**Prompt**
Images aside, the whole listing should be written out word for word.

**Information given**
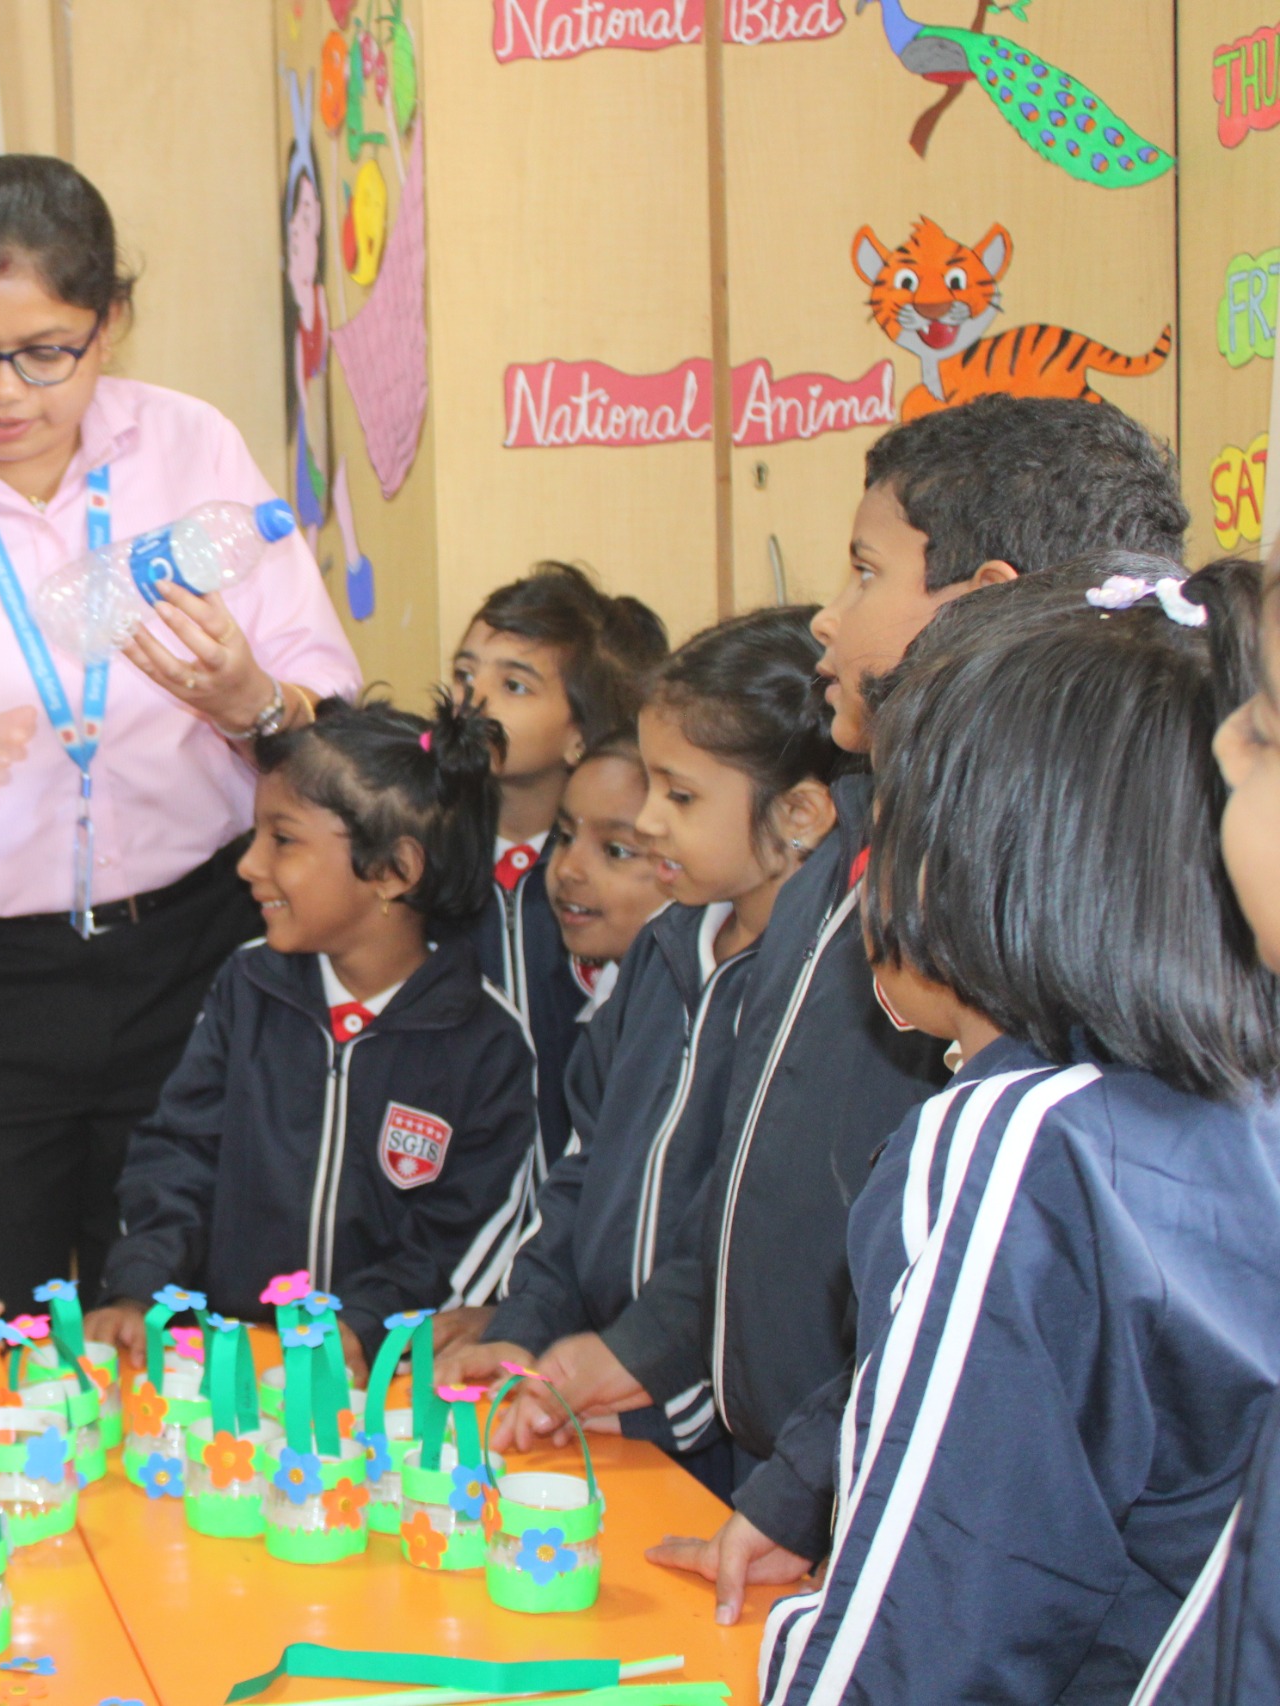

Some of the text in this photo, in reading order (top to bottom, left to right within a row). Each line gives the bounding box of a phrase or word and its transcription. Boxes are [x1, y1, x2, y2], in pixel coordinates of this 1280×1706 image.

[496, 0, 843, 59] National Bird
[1213, 34, 1280, 117] THU
[503, 361, 896, 447] National Animal
[389, 1130, 439, 1162] SGIS
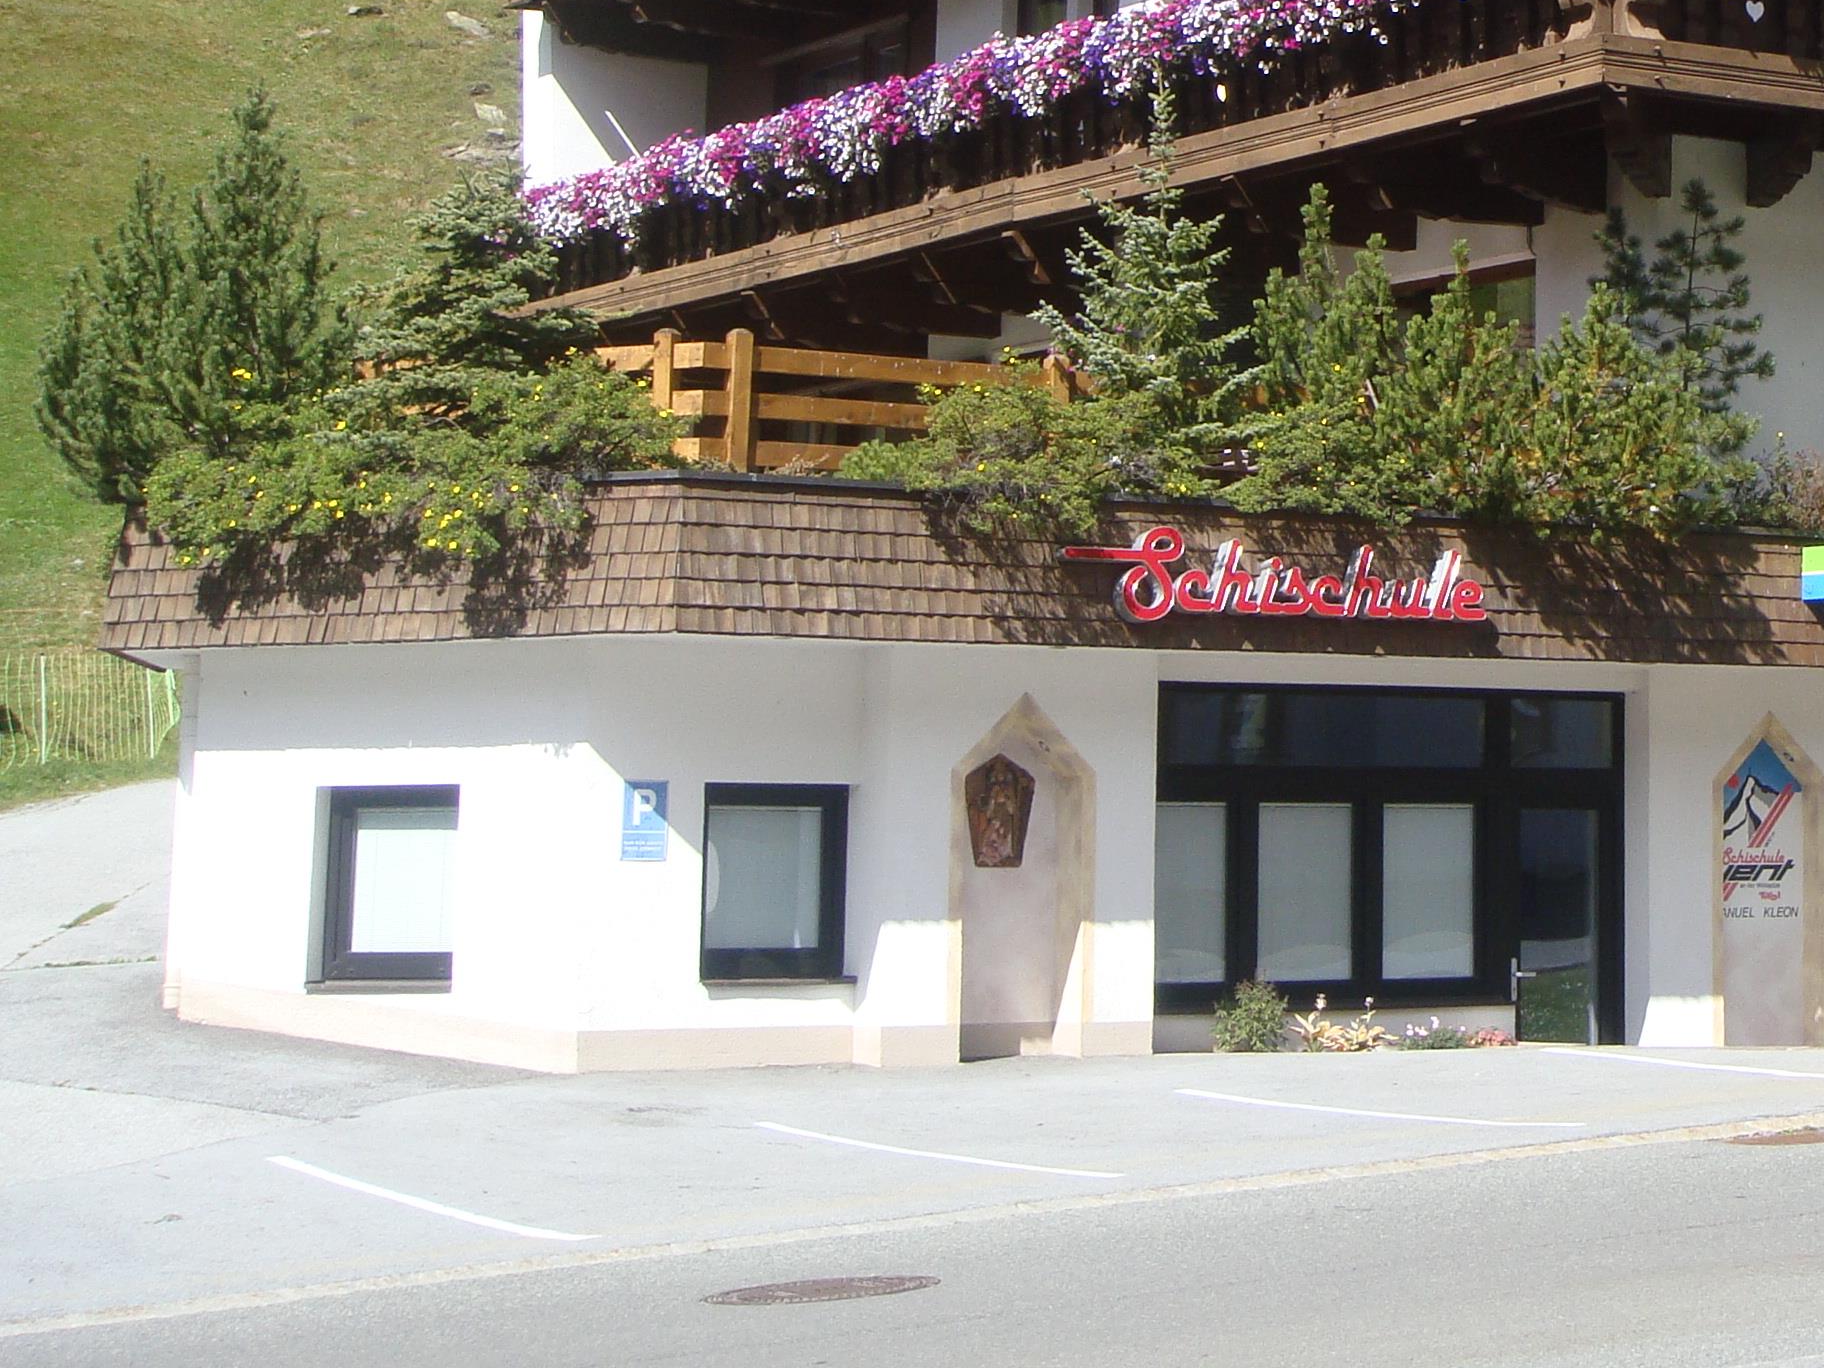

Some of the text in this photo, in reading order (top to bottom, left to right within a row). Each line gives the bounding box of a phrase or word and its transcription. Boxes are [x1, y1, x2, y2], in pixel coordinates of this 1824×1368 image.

**Result of the exercise**
Some of the text in this photo, in reading order (top to bottom, left to right within a row). Each line gives the bounding box of a phrase or word and its transcription. Boxes are [x1, y1, x2, y2], in pixel coordinates of this 1280×1706 image.

[496, 0, 843, 59] National Bird
[1213, 34, 1280, 117] THU
[503, 361, 896, 447] National Animal
[389, 1130, 439, 1162] SGIS

Some of the text in this photo, in reading order (top to bottom, left to right within a row). Each line gives the bounding box of a phrase or word and its transcription. Boxes are [x1, y1, x2, y2], in pixel coordinates of this 1824×1368 image.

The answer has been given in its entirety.